Design Principles
Design Principles
Design principles establish the values and priorities that guide design system decisions. Clear design principles help teams make consistent choices by providing criteria for evaluating options and resolving tradeoffs.
What Are Design Principles
Design principles are stated beliefs about what makes good design within a specific context. They articulate priorities that guide decision-making when multiple valid approaches exist. Principles help distributed teams make aligned decisions without requiring explicit coordination for every choice.
Effective design principles are specific enough to differentiate approaches and memorable enough to influence daily work. Generic principles like “make it good” provide no guidance. Principles that capture genuine organizational values shape real decisions.
How Design Principles Work
Principle development identifies what the organization values in design. Development involves reflecting on successful designs, articulating implicit beliefs, and prioritizing among competing values. Stakeholder input ensures principles reflect broad organizational perspective.
Principle articulation states principles in memorable, actionable forms. Good principles describe priorities clearly: “Accessible first, aesthetic second” makes priority explicit. Principles should be few enough to remember and use.
Principle application uses principles to guide decisions. When evaluating design options, teams assess alignment with principles. Principles provide vocabulary for discussing tradeoffs. Application makes principles practical rather than aspirational.
Principle evolution updates principles as organizational understanding matures. Principles are not permanent; they should evolve as the organization learns. Regular review ensures principles remain relevant and useful.
Key Considerations
- Principles should be specific to the organization, not generic platitudes
- Fewer principles are more memorable and usable
- Principles should address genuine tradeoffs
- Communication ensures principles are known and understood
- Application demonstrates principles matter
Common Questions
How many design principles should a system have?
Most design systems succeed with three to seven principles. More principles become difficult to remember and apply consistently. Fewer principles may not address the breadth of decisions teams face. The right number balances coverage with memorability.

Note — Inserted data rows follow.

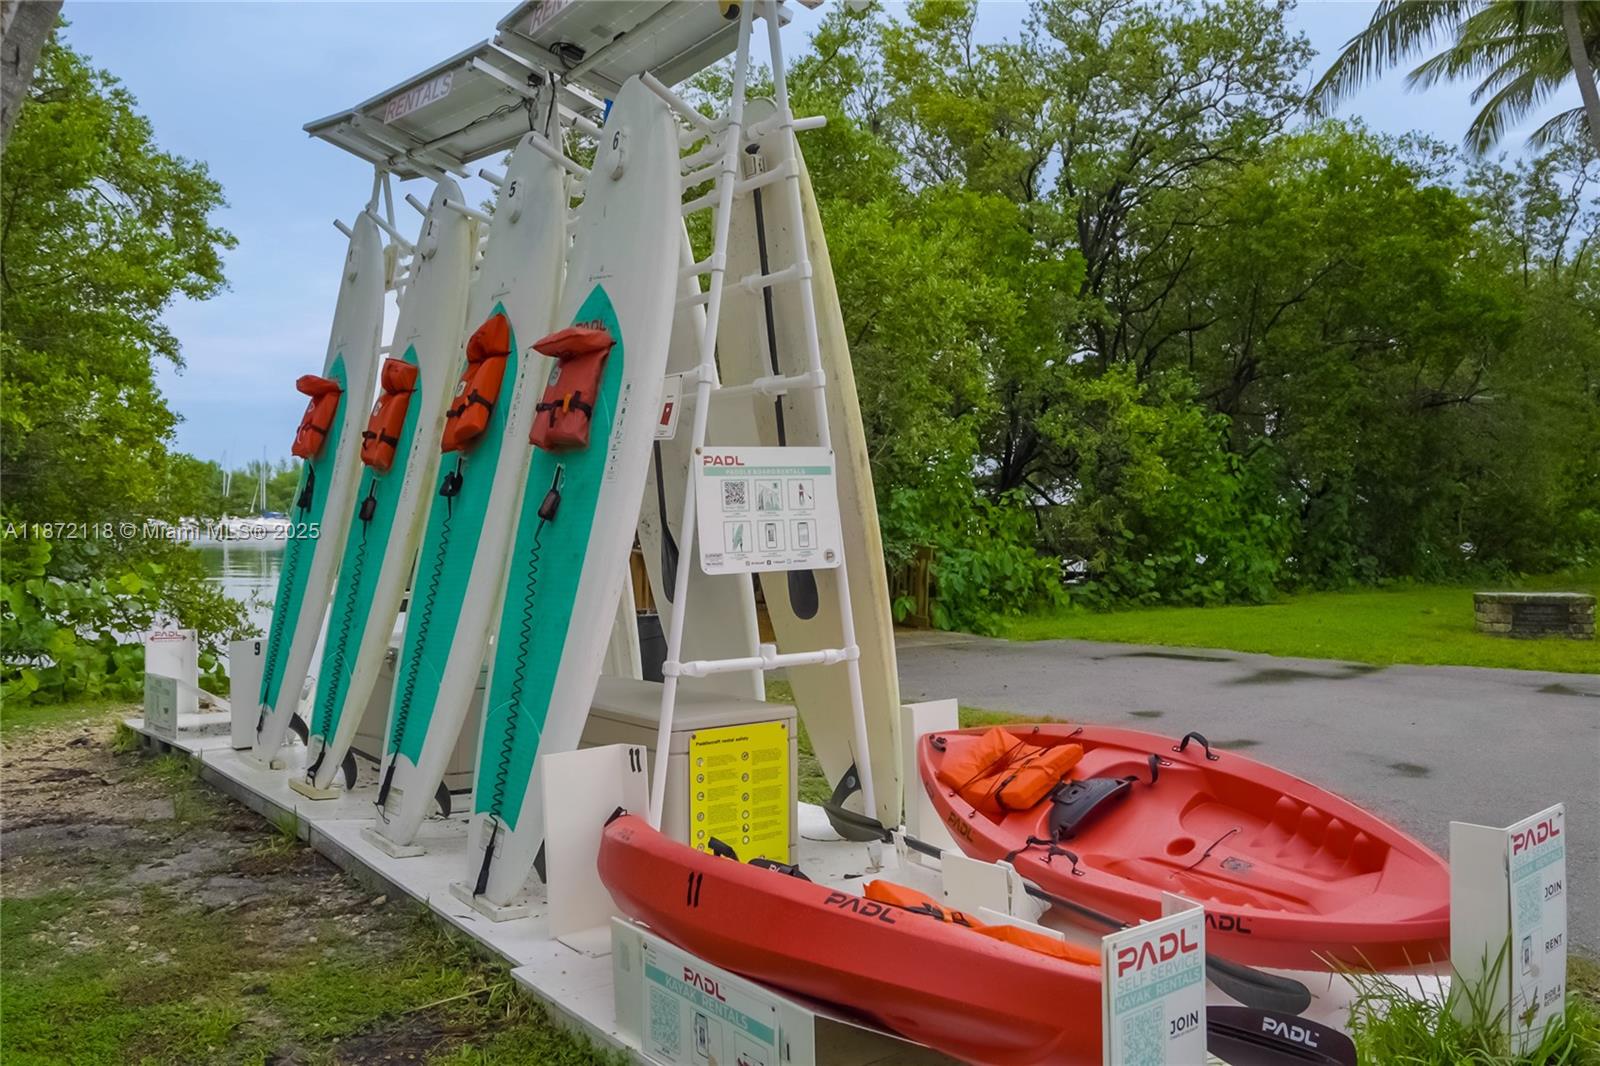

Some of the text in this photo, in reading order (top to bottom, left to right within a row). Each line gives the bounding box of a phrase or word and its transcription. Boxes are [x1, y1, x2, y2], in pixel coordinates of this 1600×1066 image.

[386, 74, 451, 121] RENTALS
[612, 130, 620, 150] 6
[508, 180, 517, 198] 5
[703, 455, 745, 466] PADL
[254, 641, 261, 656] 9
[628, 747, 642, 773] 11
[947, 811, 974, 843] PADL
[1512, 818, 1560, 856] PADL
[686, 871, 703, 908] 11
[1544, 880, 1562, 898] JOIN
[823, 892, 897, 925] PADL
[1205, 914, 1252, 934] ADL
[1117, 927, 1198, 978] PADL
[1545, 933, 1562, 951] RENT
[1150, 953, 1200, 981] SERVICE
[683, 966, 726, 1002] PADL
[664, 975, 749, 1030] KAYAK RENTALS
[1170, 1010, 1199, 1035] JOIN
[1262, 1016, 1318, 1048] PADL

How do principles differ from guidelines?
Principles state values and priorities; guidelines provide specific instructions. Principles explain what matters; guidelines explain what to do. Principles enable judgment when guidelines do not exist. Guidelines implement principles in concrete situations.

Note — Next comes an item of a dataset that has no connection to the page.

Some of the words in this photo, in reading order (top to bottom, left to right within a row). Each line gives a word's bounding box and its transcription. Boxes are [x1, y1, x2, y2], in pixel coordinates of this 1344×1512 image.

How do organizations ensure principles are used?
Ensuring use requires communication, integration, and reinforcement. Communication makes principles known. Integration weaves principles into design reviews, decision discussions, and documentation. Reinforcement through leadership attention signals principles matter. Principles that never appear in actual discussions become decorative.
Summary
Design principles guide decision-making by establishing values and priorities. Success requires specific, memorable principles that address genuine tradeoffs and are actively used in design decisions. Organizations should develop principles that reflect their unique values and integrate them into design practice.